8:54am Monday 22nd October 2007

By Blake Richardson

Some things never change. Another week, another rise in petrol prices, another front page story about Britney Spears’ spiral of decline and another glorious England sporting failure.
Lo and behold, England lost the World Cup final, Lewis Hamilton blew it big style in Brazil and the England football team slipped to an ‘unlucky’ defeat in Russia. Some things are so predictable.
Falling at the final hurdle: it’s what us Brits are famous for the world over.
Never mind the old stereotype of the bowler hats, the British bobby and a stiff upper lip. The new motto of this country should be: “So near yet so far”.
I’m fed up with being the nearly men of world sport.
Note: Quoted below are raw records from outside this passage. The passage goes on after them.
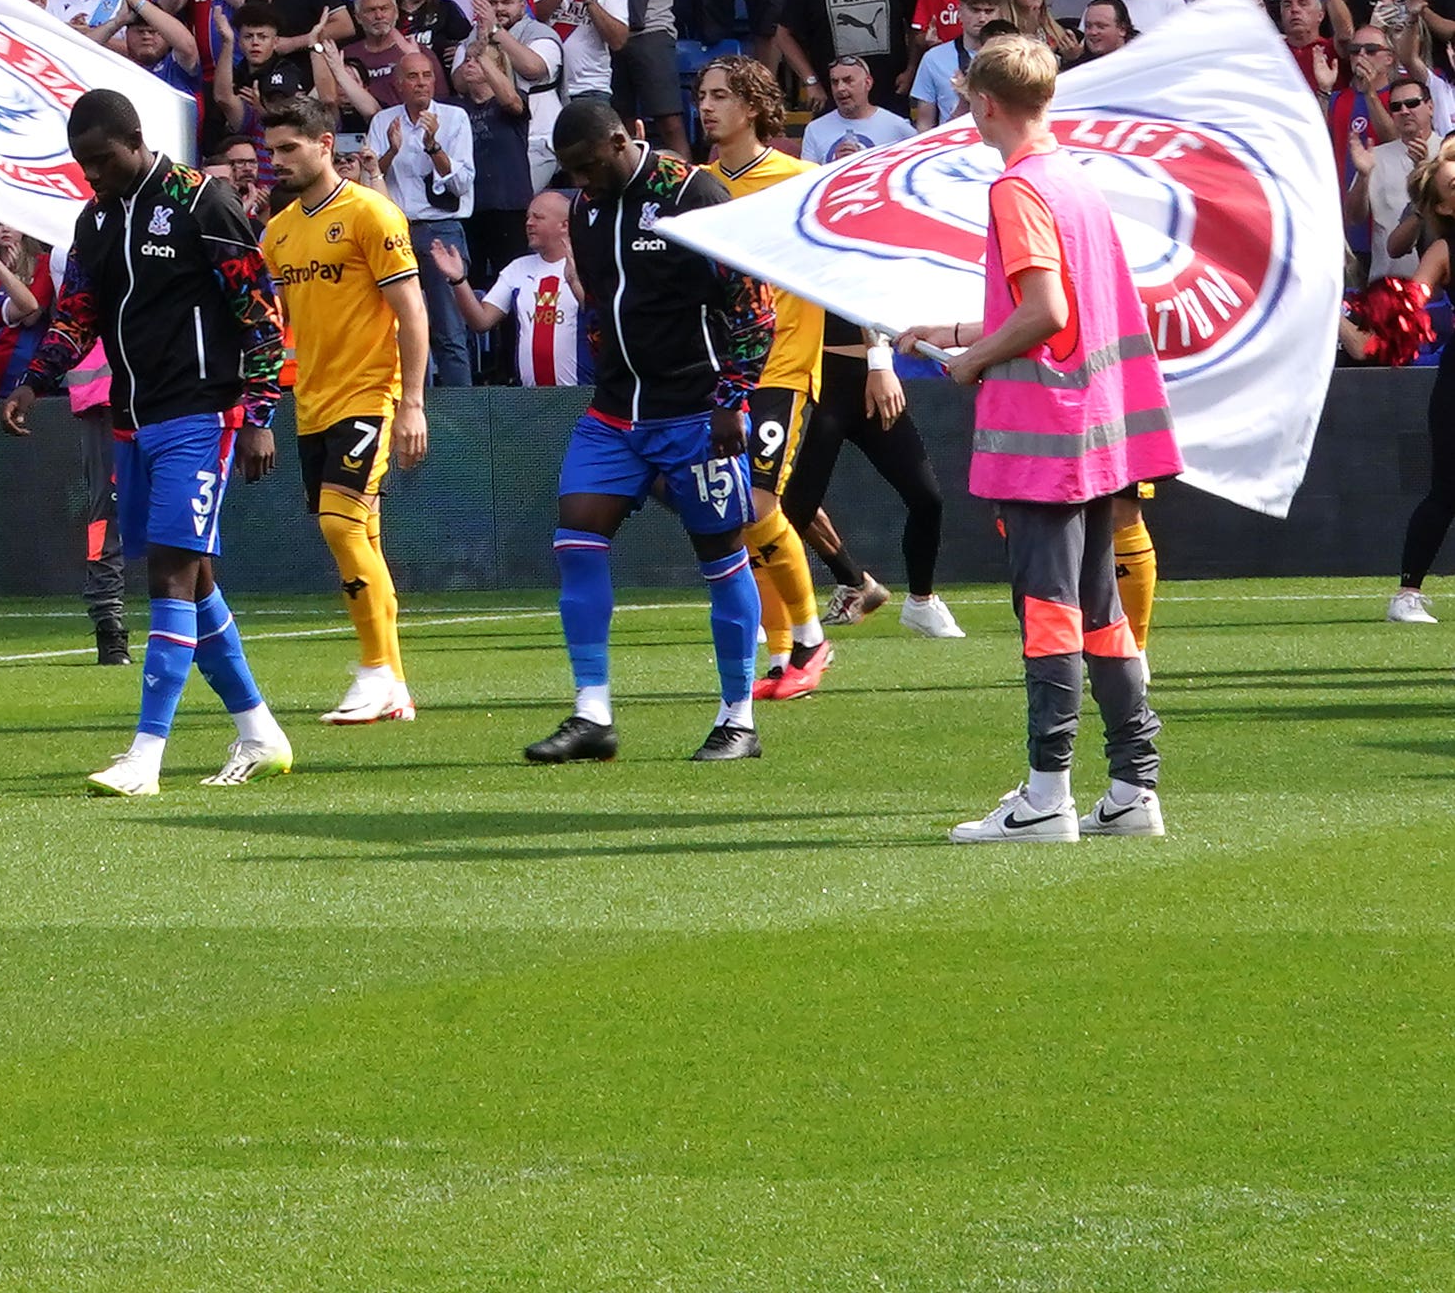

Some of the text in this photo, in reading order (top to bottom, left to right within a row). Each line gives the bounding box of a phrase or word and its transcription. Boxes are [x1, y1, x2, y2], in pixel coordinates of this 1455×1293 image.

[940, 3, 959, 25] cin
[1071, 118, 1205, 164] LIFE
[141, 240, 175, 259] cinch
[631, 237, 667, 252] cinch
[527, 310, 564, 323] W88
[349, 421, 377, 458] 7
[758, 420, 785, 456] 9
[192, 471, 217, 515] 3
[690, 457, 734, 502] 15
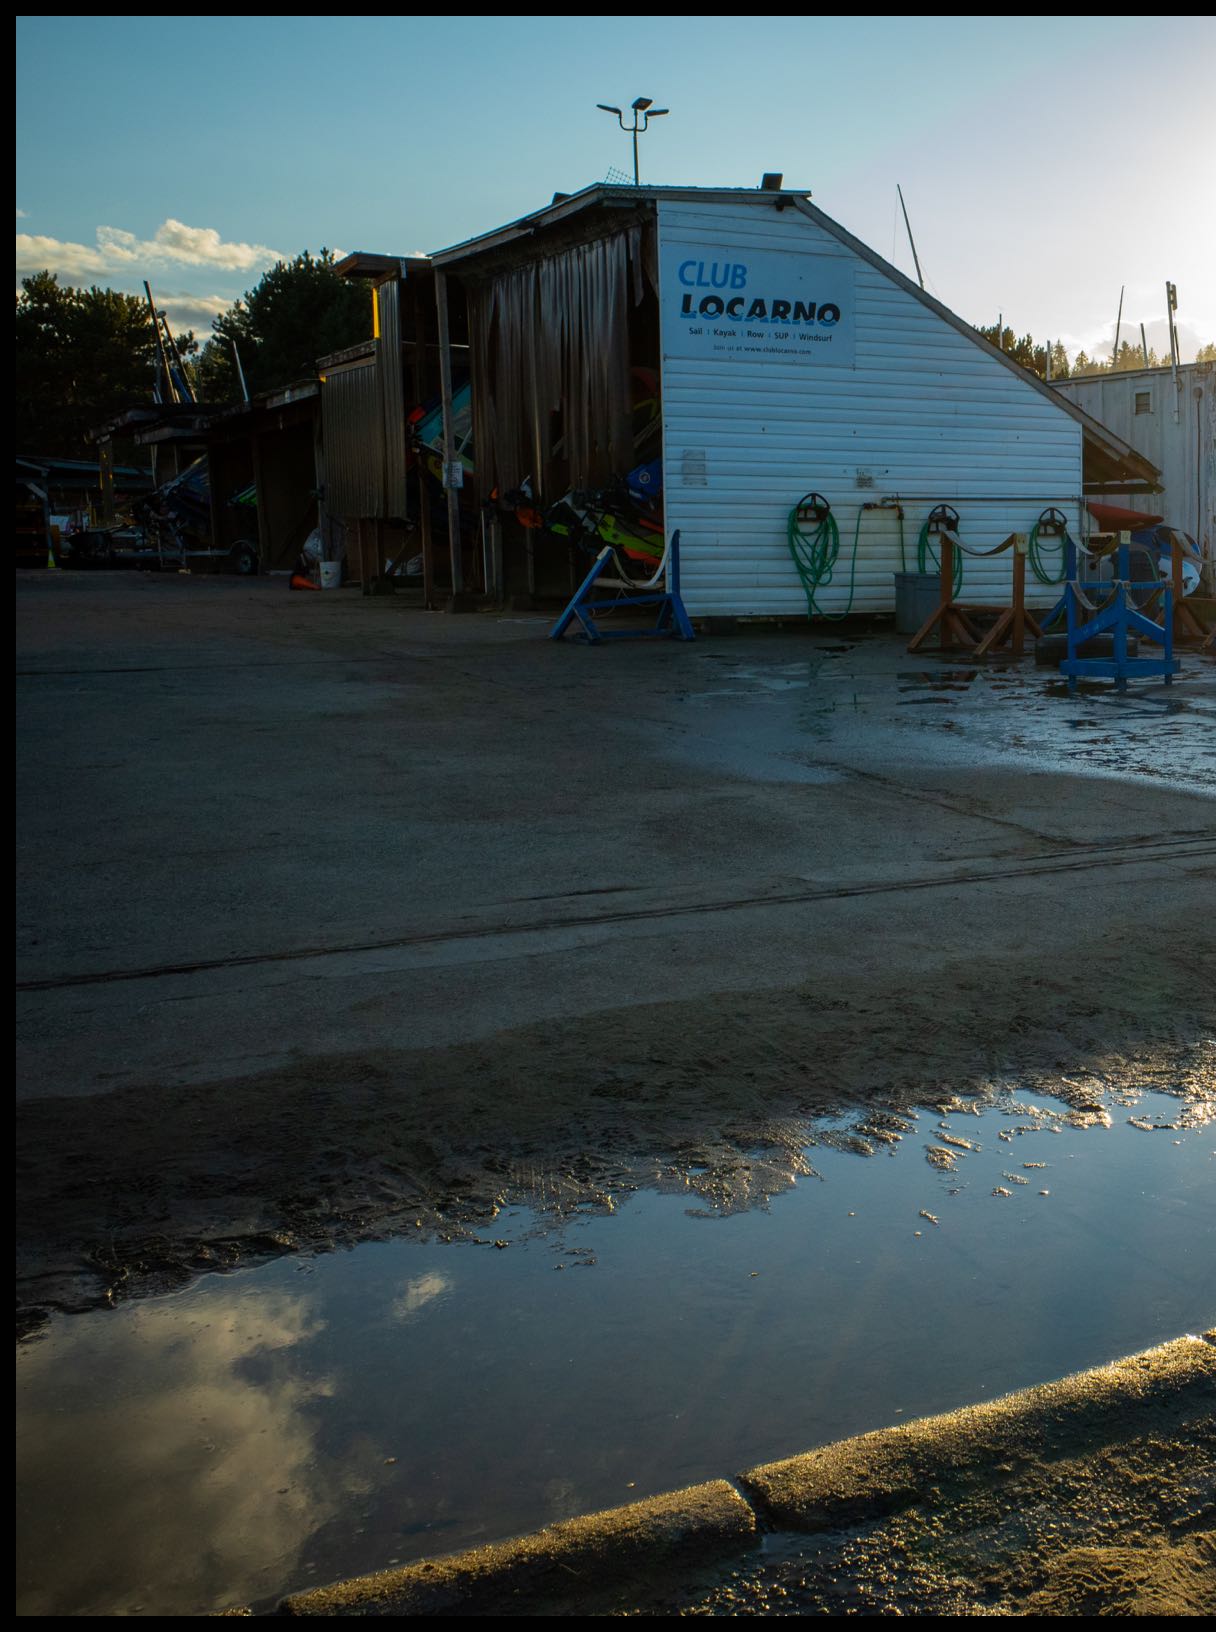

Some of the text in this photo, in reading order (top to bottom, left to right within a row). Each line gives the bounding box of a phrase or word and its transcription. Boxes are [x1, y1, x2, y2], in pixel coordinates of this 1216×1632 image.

[678, 260, 748, 289] CLUB
[679, 293, 841, 327] LOCARNO
[689, 327, 833, 342] Sail Kayak Row SUP Windsurf
We live in a country of cultural mediocrity, where second place is celebrated as much as victory.
If you had somehow missed the World Cup final and the Brazilian Grand Prix you would be forgiven for thinking we had scooped the double after a quick glance at the newspaper headlines.
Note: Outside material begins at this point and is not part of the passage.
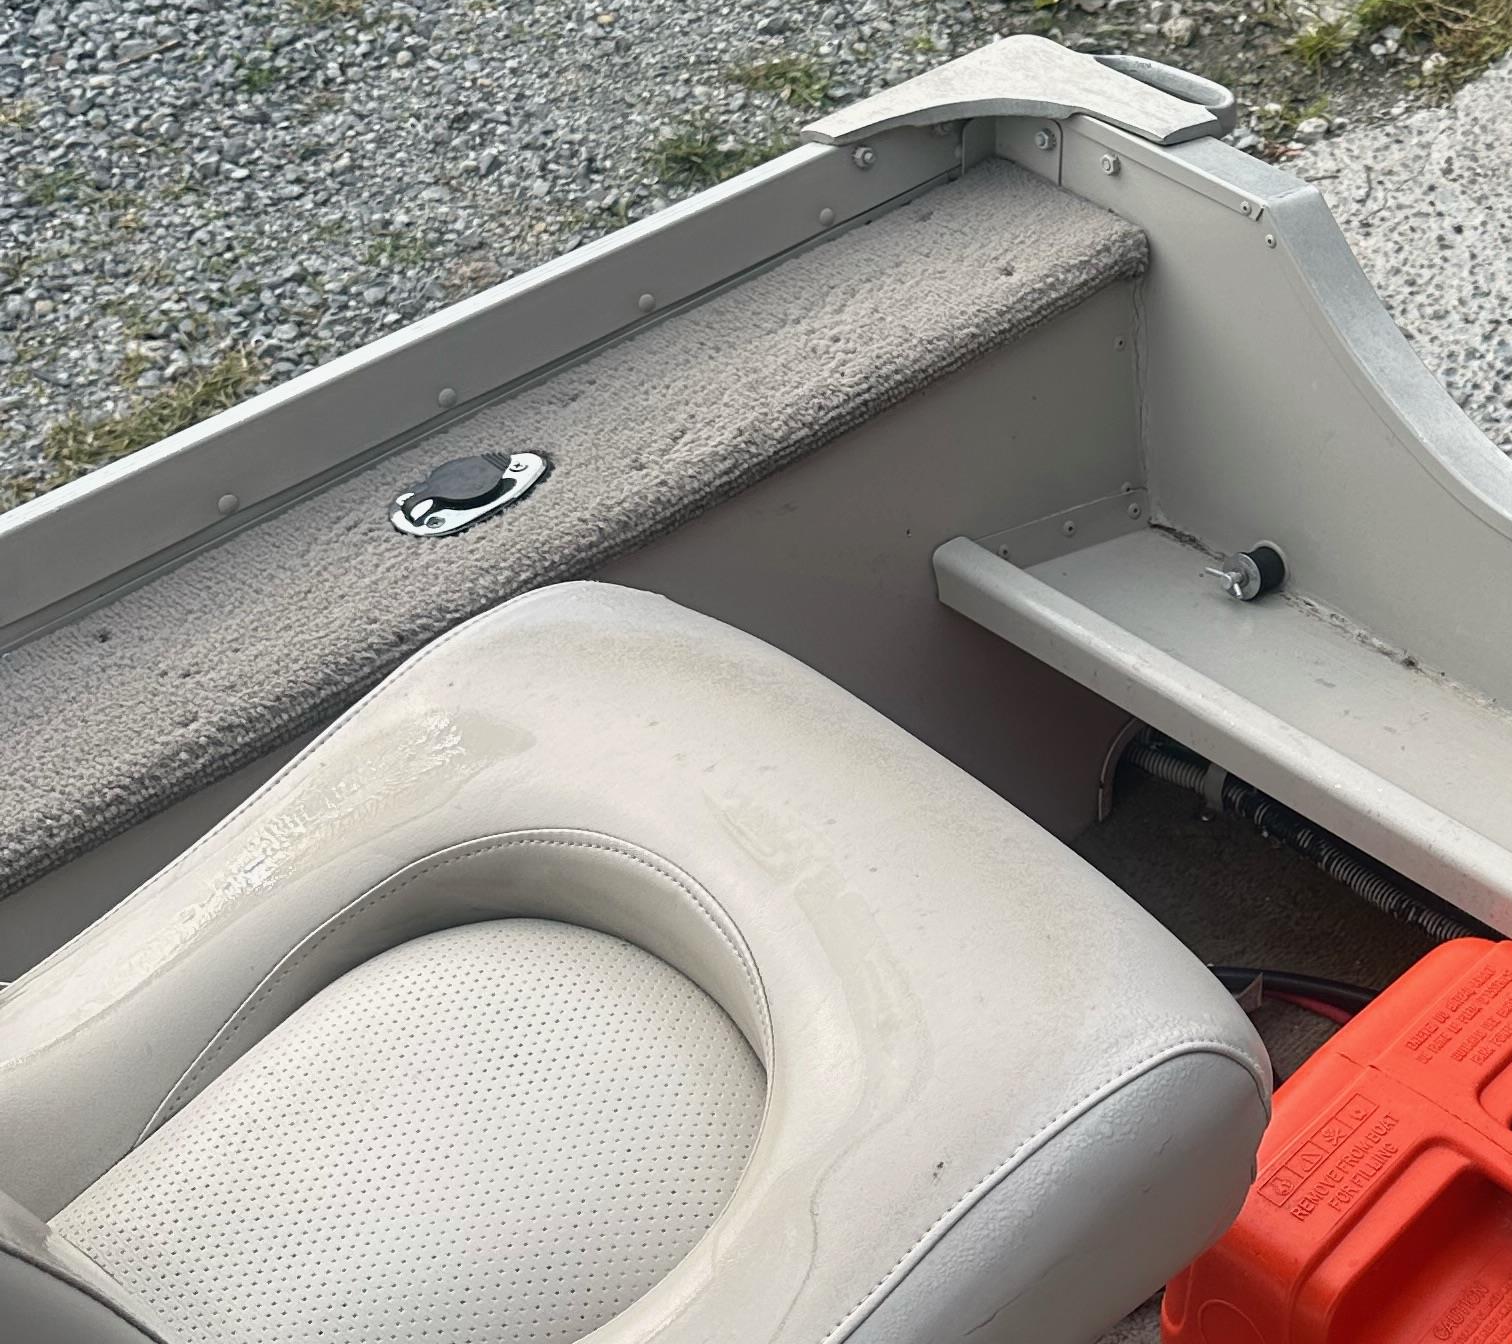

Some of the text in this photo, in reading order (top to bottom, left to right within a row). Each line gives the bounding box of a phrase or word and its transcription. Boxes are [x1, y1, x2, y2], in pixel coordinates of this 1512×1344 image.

Now calm down and stop flying off the handle. I’m not calling the rugby players bottlers. They proved they were anything but (and if only our footballers displayed as much passion and pride on the field of battle then right now we would not be relying on Israel to turn over Russia next month).
But let’s keep things in perspective. At the end of the day they lost. They won nothing.
Just like Hamilton, who is already having excuses made for him. ‘He is still very young’, ‘his inexperience showed at the start of the race’, ‘he was robbed due to the unreliability of the car’. Enough already. He blew it, fair and square. No excuses and no celebrating. Kimi Raikkonen held his nerve, Hamilton lost his. End of story.
Is it too much to ask that in a country of 55 million people, we should be doing much better on the world stage?
More money is available for our sportsmen than ever before, the infrastructure is there and the hunger and enthusiasm to participate is not in doubt. I don’t know what the ratio of world champions per million of population is, but I bet we would be languishing in the equivalent of the Blue Square Premier League while most of our European rivals lord it in the top half of the Premiership.
That fact doesn’t make me proud to be British.